In 2019, you can still buy music on compact discs and movies on Blu-ray discs. You could, of course, just stream music through one of several services, or you could buy a digital version of whatever album. The same could be said for movies.
But the world in which Sam Goody and Tower Records did good business selling music and movies on physical media (read: discs) is long gone — just like both companies.
A similar story is currently playing out in video games.
In 2013, the current console generation kicked off with the launch of both the Xbox One and the PlayStation 4. Alongside the launch of those consoles came a fundamental change to how games were distributed: Every game was available through the digital storefronts operated by Sony and Microsoft (PlayStation Network and Xbox Live, respectively). Nintendo joined the party in 2017 with the Nintendo Switch, and now every console game is available — on launch day — in a digital storefront.
If you want, you don't have to buy any game discs or cartridges ever again. On top of that, and even worse for GameStop: Many of the games in those digital storefronts aren't sold in stores at all.

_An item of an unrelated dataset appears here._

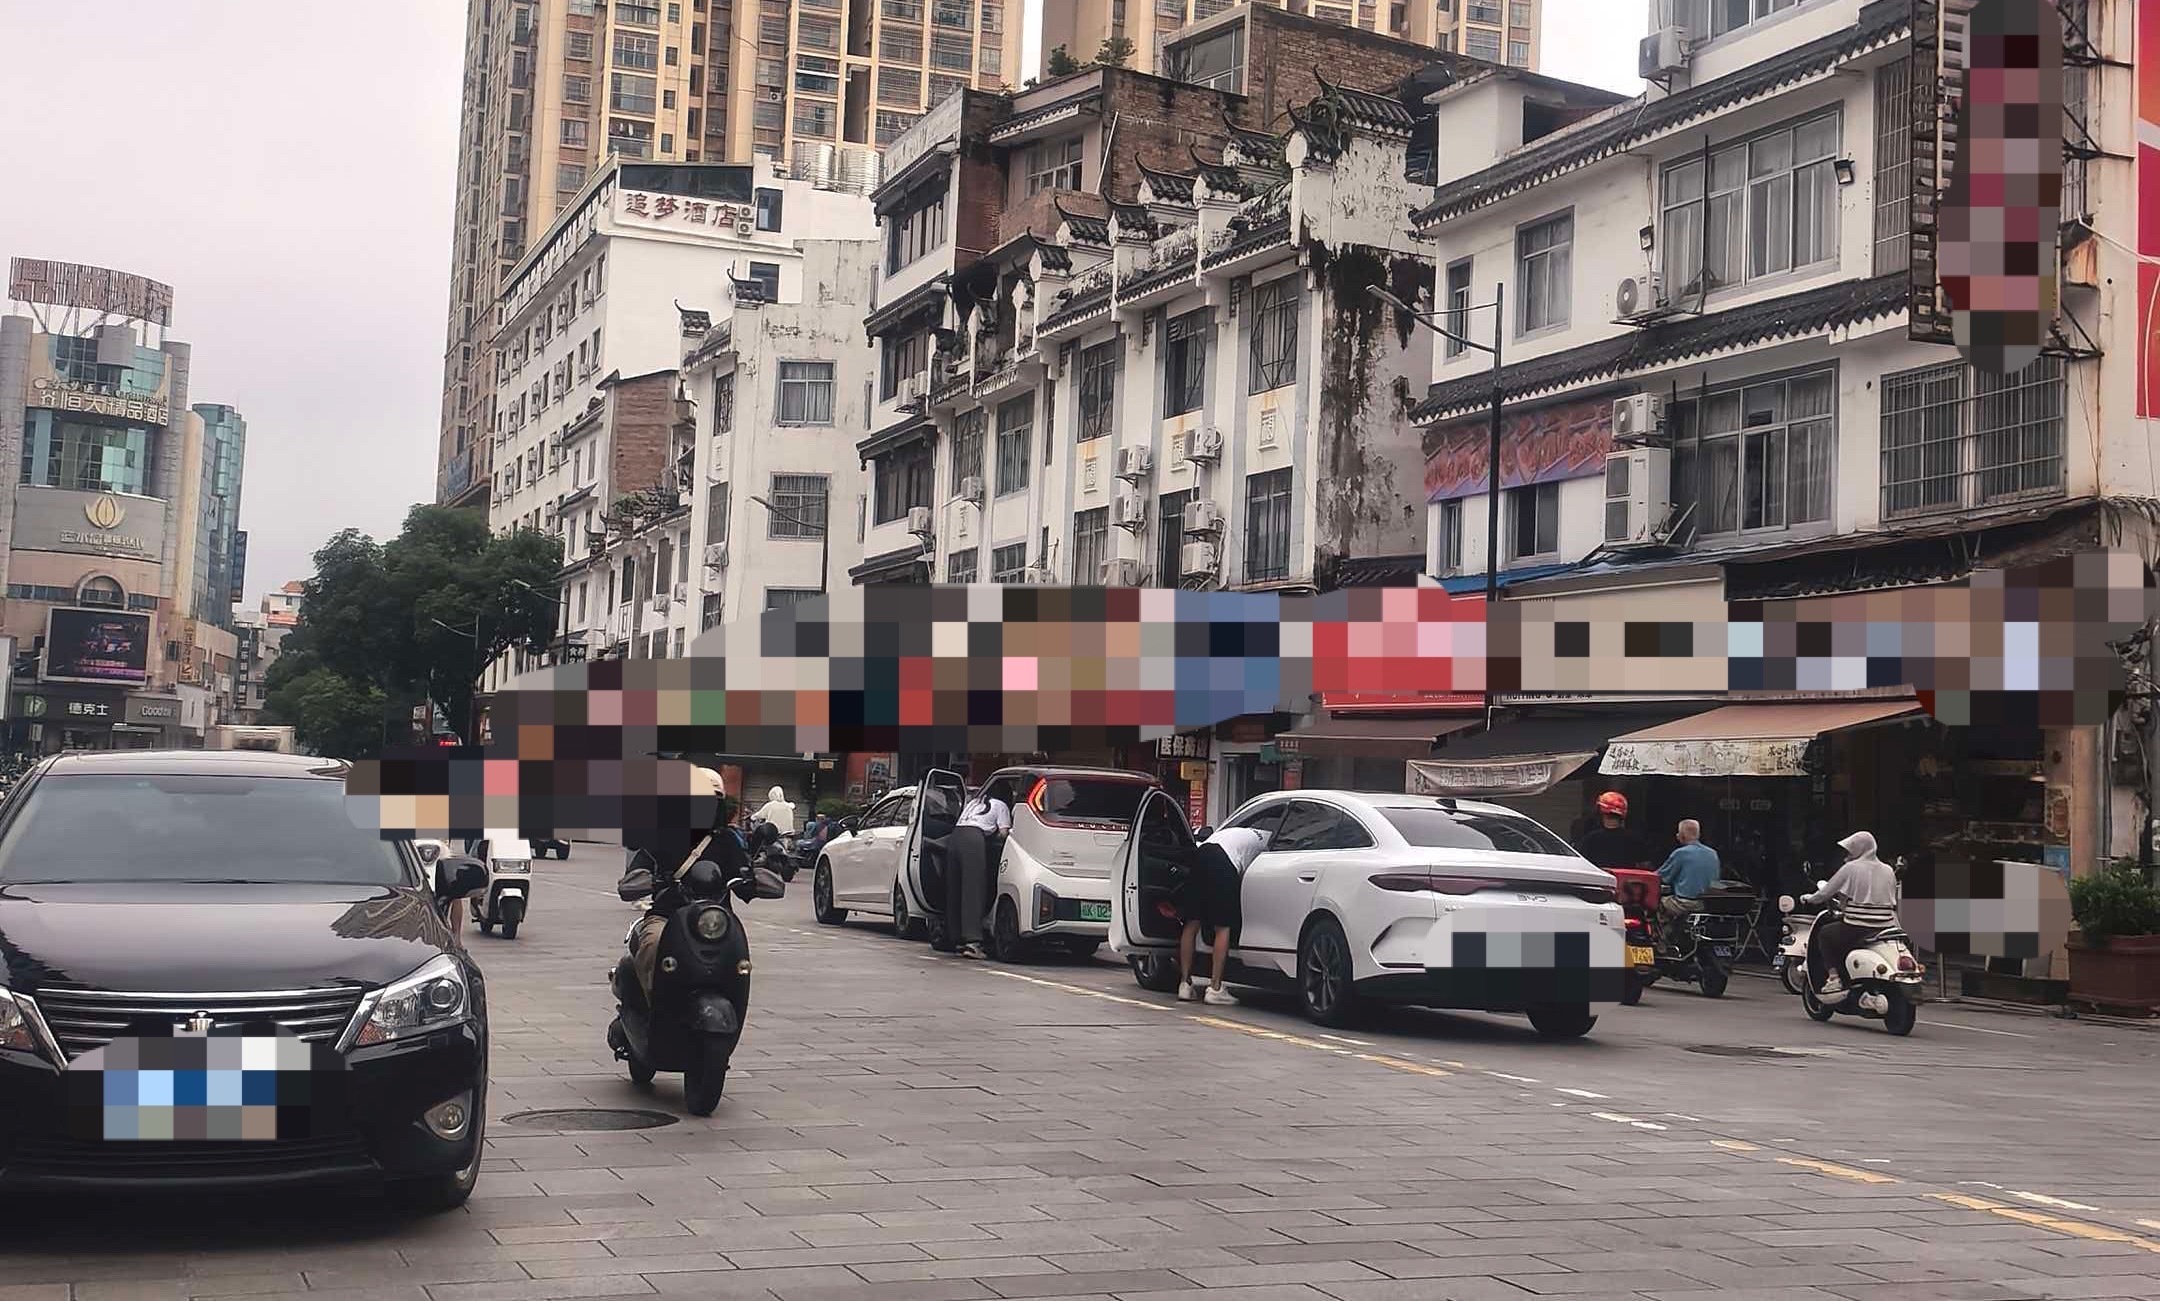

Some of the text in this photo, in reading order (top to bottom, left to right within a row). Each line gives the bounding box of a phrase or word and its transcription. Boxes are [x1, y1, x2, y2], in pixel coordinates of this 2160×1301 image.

[625, 192, 737, 229] 追梦酒店
[69, 702, 109, 716] 德克士

The implications of that shift were huge for the world's biggest game retailer.
The foundation of GameStop's business is selling video games on discs. And with the digitization of console games, the company was facing an existential threat along the lines of iTunes' impact on record stores.
"Downloads became a thing and GameStop's business declined," the Wedbush analyst Michael Pachter, who covers the video game industry, told Business Insider in an interview in early July. "They were just kind of oblivious to it."